Separate indoor and outdoor ceremonies at the Yambilee building and the Memorial south of Opelousas paid their annual Memorial Day tributes for parish military personnel killed or missing in combat since World War I.
Stanzas from the legendary Flanders Field poem in which imaginary speakers, recently killed, pass the torch to the living combatants, were read by Pat Mason-Guillory, who coordinated both commemorative events.
Flags that were lowered ceremoniously in military tribute, were raised back to appropriate heights at the conclusion of the Memorial ceremony.
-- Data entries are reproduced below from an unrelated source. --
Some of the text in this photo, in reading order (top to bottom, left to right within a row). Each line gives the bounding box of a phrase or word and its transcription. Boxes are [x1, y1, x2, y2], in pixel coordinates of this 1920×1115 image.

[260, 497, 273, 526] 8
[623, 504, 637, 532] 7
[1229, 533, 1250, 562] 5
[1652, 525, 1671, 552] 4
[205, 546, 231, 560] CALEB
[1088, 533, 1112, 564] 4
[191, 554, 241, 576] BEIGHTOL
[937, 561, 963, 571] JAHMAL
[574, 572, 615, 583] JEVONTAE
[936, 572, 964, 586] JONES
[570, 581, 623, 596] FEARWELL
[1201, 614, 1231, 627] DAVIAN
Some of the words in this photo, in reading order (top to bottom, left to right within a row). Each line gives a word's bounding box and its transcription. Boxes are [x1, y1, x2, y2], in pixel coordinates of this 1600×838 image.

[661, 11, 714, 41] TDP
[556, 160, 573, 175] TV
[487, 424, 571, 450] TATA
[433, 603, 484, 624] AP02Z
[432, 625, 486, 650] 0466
Mason-Guillory, the Veterans Memorial project director, also delivered a brief address before she and other dignitaries left the Yambilee grounds in an escorted motorcade for the Memorial where members of an already assembled St. Landry Veterans Funeral Honor Guard coordinated the outdoor event.
St. Landry gold star families who lost sons during the Iraq and Afghanistan wars were presented with gifts by members of the Veterans Memorial committee.
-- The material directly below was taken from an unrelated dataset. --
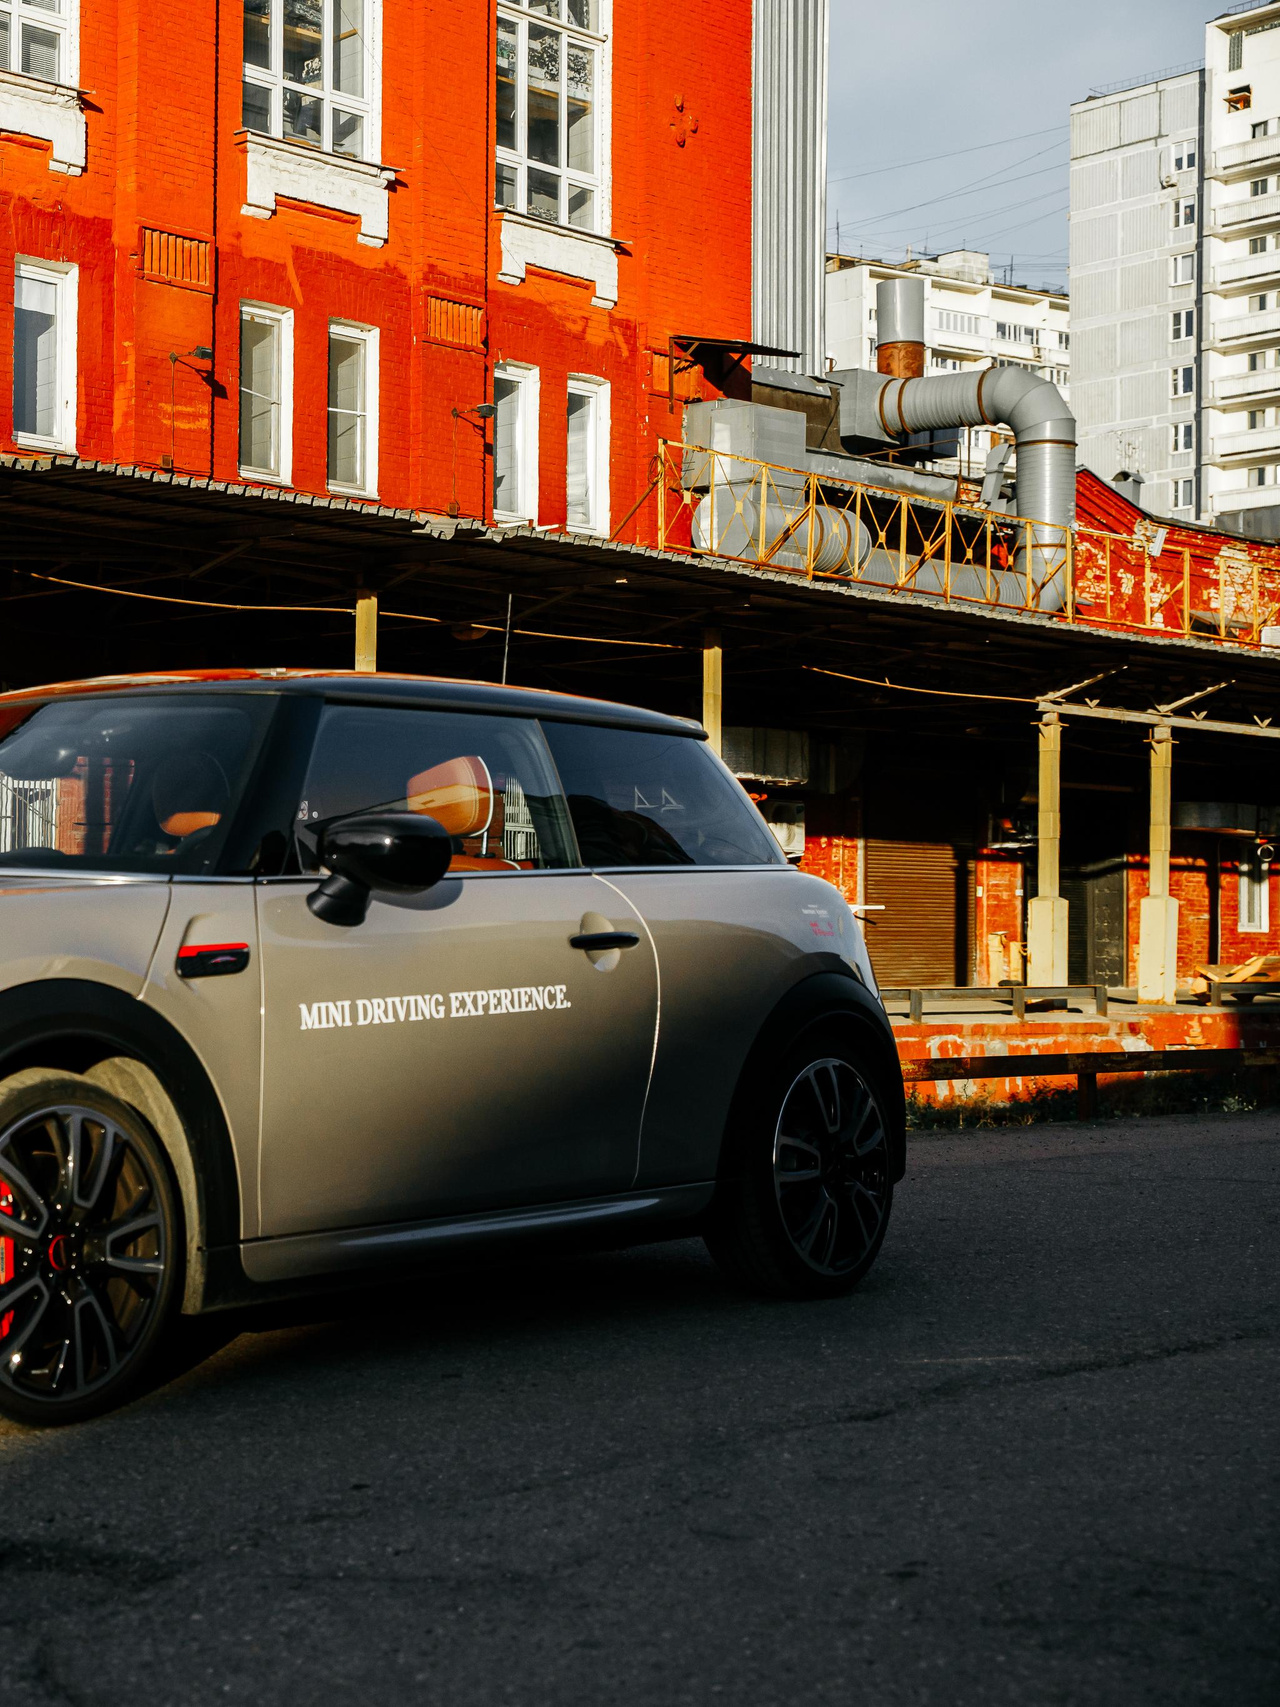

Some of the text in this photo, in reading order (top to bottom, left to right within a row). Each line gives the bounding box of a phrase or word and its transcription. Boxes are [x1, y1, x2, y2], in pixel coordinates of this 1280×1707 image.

[299, 984, 572, 1030] MINI DRIVING EXPERIENCE.
Honorary guest at the Memorial event was Joseph Richard, the only documented survivor of the 1941 Japanese attack on Pearl Harbor.
Richard, who left his family farm near Sunset at 17 and joined the U,S. Navy, approached rock-star famous status as he sat during the Memorial ceremony dressed in a bow tie and white petty officer’s uniform smiling for numerous photos taken with cellphones.
During the Pearl Harbor attack, Richard, classified as a Navy welder at the start of World War II, helped rescue sailors trapped underwater aboard the sinking USS Oklahoma and Arizona.
The featured speaker during the Yambilee ceremony was Don Reber, state senior vice commander of the Louisiana Veterans of Foreign Wars.
Reber, who served in Vietnam during the 1960’s, noted that Veterans Day is an occasion in which Americans set aside their beliefs about politics and war, choosing instead to remember those who lost the chance to gather together on Monday.
“We should educate others about the true meaning of Memorial Day and thank those we honor here. It is for them that we are able to fulfill our future,” Reber added.
Each Memorial Day Reber said, should remind everyone about the cost of freedom and what he described as “lives that were cut short enabling all of us to live on.”
Mason-Guillory reminded the crowd that when soldiers leave home for the military there is never a guarantee that they will return alive.
“The soldiers who leave their homes are aware of what might happen so we can live in the free world,” said Mason-Guillory.